== Required work ==
Copy each record below without changing a single word.

== Record extracts ==
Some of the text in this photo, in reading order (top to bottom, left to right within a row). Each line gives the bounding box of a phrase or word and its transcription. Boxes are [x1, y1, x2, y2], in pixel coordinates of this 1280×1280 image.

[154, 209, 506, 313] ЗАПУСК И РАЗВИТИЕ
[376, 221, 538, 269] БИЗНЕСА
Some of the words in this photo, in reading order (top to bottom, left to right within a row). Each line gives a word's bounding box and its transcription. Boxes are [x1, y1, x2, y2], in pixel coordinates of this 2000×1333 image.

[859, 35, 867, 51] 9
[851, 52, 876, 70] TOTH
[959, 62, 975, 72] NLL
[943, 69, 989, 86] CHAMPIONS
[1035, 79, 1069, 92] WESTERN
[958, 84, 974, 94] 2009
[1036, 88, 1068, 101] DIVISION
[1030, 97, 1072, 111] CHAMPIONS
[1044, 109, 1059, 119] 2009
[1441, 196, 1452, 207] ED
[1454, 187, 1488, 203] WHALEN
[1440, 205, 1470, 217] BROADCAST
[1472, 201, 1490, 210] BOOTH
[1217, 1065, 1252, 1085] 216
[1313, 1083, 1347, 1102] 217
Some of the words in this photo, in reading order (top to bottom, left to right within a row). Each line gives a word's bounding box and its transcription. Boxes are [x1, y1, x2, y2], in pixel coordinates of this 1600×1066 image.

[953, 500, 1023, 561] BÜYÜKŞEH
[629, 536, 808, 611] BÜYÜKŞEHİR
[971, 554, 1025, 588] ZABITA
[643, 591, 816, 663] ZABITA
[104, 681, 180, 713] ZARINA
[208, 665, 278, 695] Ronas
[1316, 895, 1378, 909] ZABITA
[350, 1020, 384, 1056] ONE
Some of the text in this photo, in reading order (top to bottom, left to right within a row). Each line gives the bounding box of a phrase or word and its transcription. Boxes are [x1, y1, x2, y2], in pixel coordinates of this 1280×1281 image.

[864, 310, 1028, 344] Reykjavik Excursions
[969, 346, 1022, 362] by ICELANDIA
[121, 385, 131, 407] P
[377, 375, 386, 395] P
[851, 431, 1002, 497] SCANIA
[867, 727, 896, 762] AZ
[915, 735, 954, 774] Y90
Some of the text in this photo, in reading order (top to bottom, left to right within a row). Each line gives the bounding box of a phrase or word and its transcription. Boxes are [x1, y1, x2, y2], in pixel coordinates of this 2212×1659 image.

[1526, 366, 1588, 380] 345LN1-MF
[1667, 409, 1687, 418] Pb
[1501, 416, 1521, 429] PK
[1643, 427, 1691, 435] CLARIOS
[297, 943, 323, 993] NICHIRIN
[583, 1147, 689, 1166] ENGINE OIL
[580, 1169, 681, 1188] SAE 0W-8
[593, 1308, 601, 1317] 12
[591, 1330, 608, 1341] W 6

== Written response ==
Some of the text in this photo, in reading order (top to bottom, left to right within a row). Each line gives the bounding box of a phrase or word and its transcription. Boxes are [x1, y1, x2, y2], in pixel coordinates of this 1280×1280 image.

[154, 209, 506, 313] ЗАПУСК И РАЗВИТИЕ
[376, 221, 538, 269] БИЗНЕСА
Some of the words in this photo, in reading order (top to bottom, left to right within a row). Each line gives a word's bounding box and its transcription. Boxes are [x1, y1, x2, y2], in pixel coordinates of this 2000×1333 image.

[859, 35, 867, 51] 9
[851, 52, 876, 70] TOTH
[959, 62, 975, 72] NLL
[943, 69, 989, 86] CHAMPIONS
[1035, 79, 1069, 92] WESTERN
[958, 84, 974, 94] 2009
[1036, 88, 1068, 101] DIVISION
[1030, 97, 1072, 111] CHAMPIONS
[1044, 109, 1059, 119] 2009
[1441, 196, 1452, 207] ED
[1454, 187, 1488, 203] WHALEN
[1440, 205, 1470, 217] BROADCAST
[1472, 201, 1490, 210] BOOTH
[1217, 1065, 1252, 1085] 216
[1313, 1083, 1347, 1102] 217
Some of the words in this photo, in reading order (top to bottom, left to right within a row). Each line gives a word's bounding box and its transcription. Boxes are [x1, y1, x2, y2], in pixel coordinates of this 1600×1066 image.

[953, 500, 1023, 561] BÜYÜKŞEH
[629, 536, 808, 611] BÜYÜKŞEHİR
[971, 554, 1025, 588] ZABITA
[643, 591, 816, 663] ZABITA
[104, 681, 180, 713] ZARINA
[208, 665, 278, 695] Ronas
[1316, 895, 1378, 909] ZABITA
[350, 1020, 384, 1056] ONE
Some of the text in this photo, in reading order (top to bottom, left to right within a row). Each line gives the bounding box of a phrase or word and its transcription. Boxes are [x1, y1, x2, y2], in pixel coordinates of this 1280×1281 image.

[864, 310, 1028, 344] Reykjavik Excursions
[969, 346, 1022, 362] by ICELANDIA
[121, 385, 131, 407] P
[377, 375, 386, 395] P
[851, 431, 1002, 497] SCANIA
[867, 727, 896, 762] AZ
[915, 735, 954, 774] Y90
Some of the text in this photo, in reading order (top to bottom, left to right within a row). Each line gives the bounding box of a phrase or word and its transcription. Boxes are [x1, y1, x2, y2], in pixel coordinates of this 2212×1659 image.

[1526, 366, 1588, 380] 345LN1-MF
[1667, 409, 1687, 418] Pb
[1501, 416, 1521, 429] PK
[1643, 427, 1691, 435] CLARIOS
[297, 943, 323, 993] NICHIRIN
[583, 1147, 689, 1166] ENGINE OIL
[580, 1169, 681, 1188] SAE 0W-8
[593, 1308, 601, 1317] 12
[591, 1330, 608, 1341] W 6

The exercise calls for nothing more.